▶ Given data:

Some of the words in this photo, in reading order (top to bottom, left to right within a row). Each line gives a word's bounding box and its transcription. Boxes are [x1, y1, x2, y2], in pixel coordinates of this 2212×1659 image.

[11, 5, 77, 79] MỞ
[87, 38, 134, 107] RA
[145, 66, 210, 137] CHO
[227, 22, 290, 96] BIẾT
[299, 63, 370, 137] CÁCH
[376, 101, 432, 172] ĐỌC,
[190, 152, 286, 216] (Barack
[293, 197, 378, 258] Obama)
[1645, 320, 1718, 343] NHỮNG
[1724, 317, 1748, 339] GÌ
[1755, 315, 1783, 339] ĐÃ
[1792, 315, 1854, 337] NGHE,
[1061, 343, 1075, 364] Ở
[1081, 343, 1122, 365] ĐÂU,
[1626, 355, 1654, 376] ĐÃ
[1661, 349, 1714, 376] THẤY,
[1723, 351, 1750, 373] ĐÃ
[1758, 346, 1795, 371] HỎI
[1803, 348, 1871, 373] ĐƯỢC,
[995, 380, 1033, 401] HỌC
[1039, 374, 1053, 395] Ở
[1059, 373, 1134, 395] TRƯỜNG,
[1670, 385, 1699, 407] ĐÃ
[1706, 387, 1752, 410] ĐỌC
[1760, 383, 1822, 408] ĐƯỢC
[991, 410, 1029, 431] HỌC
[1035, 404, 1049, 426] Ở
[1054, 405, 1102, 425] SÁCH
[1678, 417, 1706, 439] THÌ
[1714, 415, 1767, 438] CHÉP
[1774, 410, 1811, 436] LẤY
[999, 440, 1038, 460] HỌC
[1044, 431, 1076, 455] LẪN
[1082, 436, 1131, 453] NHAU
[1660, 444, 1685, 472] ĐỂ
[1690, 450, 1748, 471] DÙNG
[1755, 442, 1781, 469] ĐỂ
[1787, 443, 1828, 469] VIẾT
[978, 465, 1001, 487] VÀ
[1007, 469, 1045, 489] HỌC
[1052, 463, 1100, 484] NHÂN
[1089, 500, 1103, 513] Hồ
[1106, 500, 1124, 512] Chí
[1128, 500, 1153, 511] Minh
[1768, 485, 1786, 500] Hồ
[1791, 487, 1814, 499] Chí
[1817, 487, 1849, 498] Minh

▶ How to complete this task: For the records above, tally the lines in which "ĐƯỢC" appears, and give the number by itself.

▶ Written response: 2